_THE PROBLEM_: Nothing less than an exact copy of all the records is required.

[Free-text object descriptions]
━━━━━━━━━━
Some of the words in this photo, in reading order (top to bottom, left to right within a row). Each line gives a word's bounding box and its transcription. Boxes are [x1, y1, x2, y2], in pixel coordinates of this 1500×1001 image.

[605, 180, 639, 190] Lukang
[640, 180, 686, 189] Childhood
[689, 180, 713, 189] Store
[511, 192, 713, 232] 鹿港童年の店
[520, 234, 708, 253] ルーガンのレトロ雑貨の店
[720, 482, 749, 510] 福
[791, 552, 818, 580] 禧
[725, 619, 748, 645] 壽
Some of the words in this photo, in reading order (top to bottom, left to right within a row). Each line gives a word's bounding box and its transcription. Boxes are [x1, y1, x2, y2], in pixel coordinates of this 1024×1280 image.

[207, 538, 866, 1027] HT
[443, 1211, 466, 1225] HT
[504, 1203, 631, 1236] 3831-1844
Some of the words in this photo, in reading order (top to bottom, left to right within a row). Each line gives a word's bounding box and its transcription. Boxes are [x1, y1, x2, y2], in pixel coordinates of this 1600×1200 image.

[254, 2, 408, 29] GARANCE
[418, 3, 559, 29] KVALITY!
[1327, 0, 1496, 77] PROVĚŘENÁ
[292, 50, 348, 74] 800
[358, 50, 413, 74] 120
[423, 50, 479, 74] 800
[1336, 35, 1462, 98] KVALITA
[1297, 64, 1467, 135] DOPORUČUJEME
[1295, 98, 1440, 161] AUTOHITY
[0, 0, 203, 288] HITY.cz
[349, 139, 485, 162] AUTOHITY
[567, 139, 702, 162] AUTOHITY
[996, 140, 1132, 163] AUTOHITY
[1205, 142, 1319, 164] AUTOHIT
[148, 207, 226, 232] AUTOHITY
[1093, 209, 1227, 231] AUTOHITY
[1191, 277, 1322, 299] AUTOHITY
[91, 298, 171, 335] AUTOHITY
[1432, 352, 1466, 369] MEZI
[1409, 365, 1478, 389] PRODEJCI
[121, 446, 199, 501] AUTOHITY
━━━━━━━━━━
_SOLUTION FOR THIS PROBLEM_:
Some of the words in this photo, in reading order (top to bottom, left to right within a row). Each line gives a word's bounding box and its transcription. Boxes are [x1, y1, x2, y2], in pixel coordinates of this 1500×1001 image.

[605, 180, 639, 190] Lukang
[640, 180, 686, 189] Childhood
[689, 180, 713, 189] Store
[511, 192, 713, 232] 鹿港童年の店
[520, 234, 708, 253] ルーガンのレトロ雑貨の店
[720, 482, 749, 510] 福
[791, 552, 818, 580] 禧
[725, 619, 748, 645] 壽
Some of the words in this photo, in reading order (top to bottom, left to right within a row). Each line gives a word's bounding box and its transcription. Boxes are [x1, y1, x2, y2], in pixel coordinates of this 1024×1280 image.

[207, 538, 866, 1027] HT
[443, 1211, 466, 1225] HT
[504, 1203, 631, 1236] 3831-1844
Some of the words in this photo, in reading order (top to bottom, left to right within a row). Each line gives a word's bounding box and its transcription. Boxes are [x1, y1, x2, y2], in pixel coordinates of this 1600×1200 image.

[254, 2, 408, 29] GARANCE
[418, 3, 559, 29] KVALITY!
[1327, 0, 1496, 77] PROVĚŘENÁ
[292, 50, 348, 74] 800
[358, 50, 413, 74] 120
[423, 50, 479, 74] 800
[1336, 35, 1462, 98] KVALITA
[1297, 64, 1467, 135] DOPORUČUJEME
[1295, 98, 1440, 161] AUTOHITY
[0, 0, 203, 288] HITY.cz
[349, 139, 485, 162] AUTOHITY
[567, 139, 702, 162] AUTOHITY
[996, 140, 1132, 163] AUTOHITY
[1205, 142, 1319, 164] AUTOHIT
[148, 207, 226, 232] AUTOHITY
[1093, 209, 1227, 231] AUTOHITY
[1191, 277, 1322, 299] AUTOHITY
[91, 298, 171, 335] AUTOHITY
[1432, 352, 1466, 369] MEZI
[1409, 365, 1478, 389] PRODEJCI
[121, 446, 199, 501] AUTOHITY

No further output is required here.